This site contains affiliate links to products. We may receive a commission for purchases made through these links. Learn more

The movie that you won't be able to see for 100 years

It had better be good with that build-up

The movie that you won't be able to see for 100 years

And you thought the wait for Episode VII: The Force Awakens had been agonising.

John Malkovich and Robert Rodriguez are collaborating on a film that no one will be able to see for 100 years - as they note, this means that no one will be able to watch it in their lifetime.

Appropriately entitled 100 Years, it's part of a promotion for Louis XIII Cognac, a luxury liquor that ages for 100 years itself, but it's an intriguing concept that opens up a lot of questions about what it is to make art - do we actually make things in order to be appreciated for them? Or purely for their own sake, regardless of the immediate feedback we are able to receive? After all, the likes of Van Gogh famously died before any of his work became widely known.

The film will be placed in a special time-locked safe that will remain closed until 18 November, 2115, at which point some lucky viewers (tickets are going out to 1,000 'influential people' inviting their descendants) will be able to watch it on a projector that is also being stored.

Three teasers for the film (though not taken from the final cut) have been created to imagine what it might look like when the film is finally unlocked, each of which imagines a different vision of the future - you can see one below, as well as a small featurette about the film's creation.

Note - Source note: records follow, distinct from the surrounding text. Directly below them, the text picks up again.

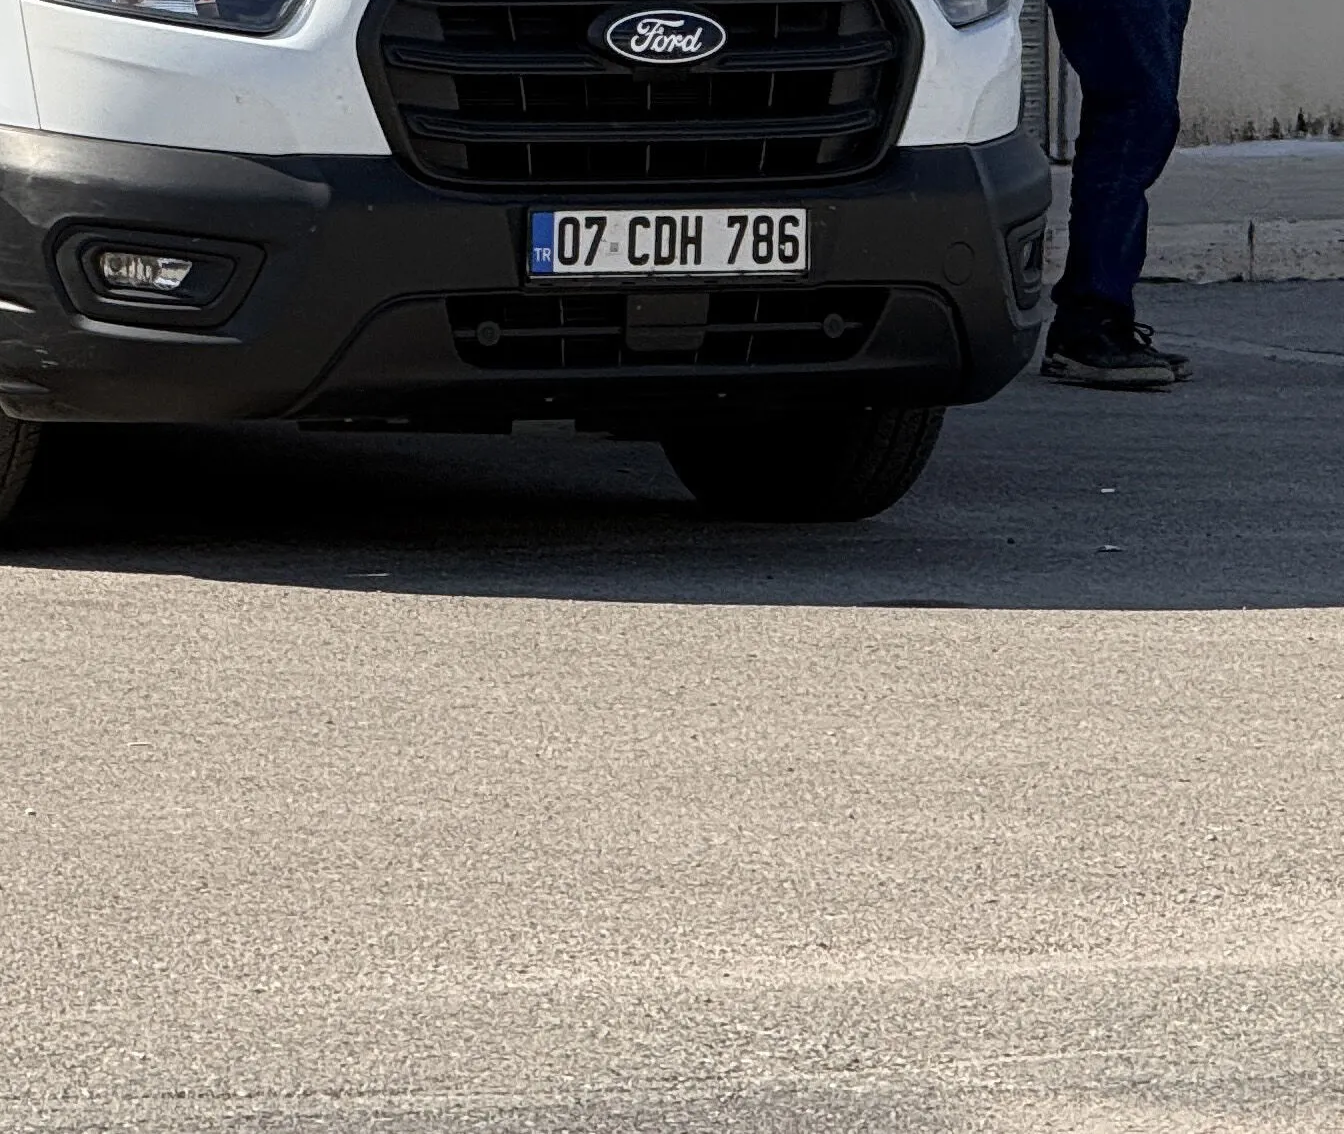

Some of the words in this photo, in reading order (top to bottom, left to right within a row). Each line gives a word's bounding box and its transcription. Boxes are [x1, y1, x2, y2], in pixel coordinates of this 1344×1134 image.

[630, 18, 703, 53] Ford
[533, 247, 551, 263] TR
[557, 216, 607, 266] 07
[627, 216, 703, 266] CDH
[726, 215, 800, 264] 786

But what's the actual movie about? No one really knows - apparently Malkovich researched futurism, science fiction and visions of today from 100 years ago. “Some of it was strangely accurate, oddly enough, but of course the vast majority of it was unimaginable. And I think that’s what the future is to most of us,” he said.

Is it a grand marketing folly? Maybe. But it's also intriguing to compare it to the work of many people who will never get recognition for it and yet still take pride in what they do.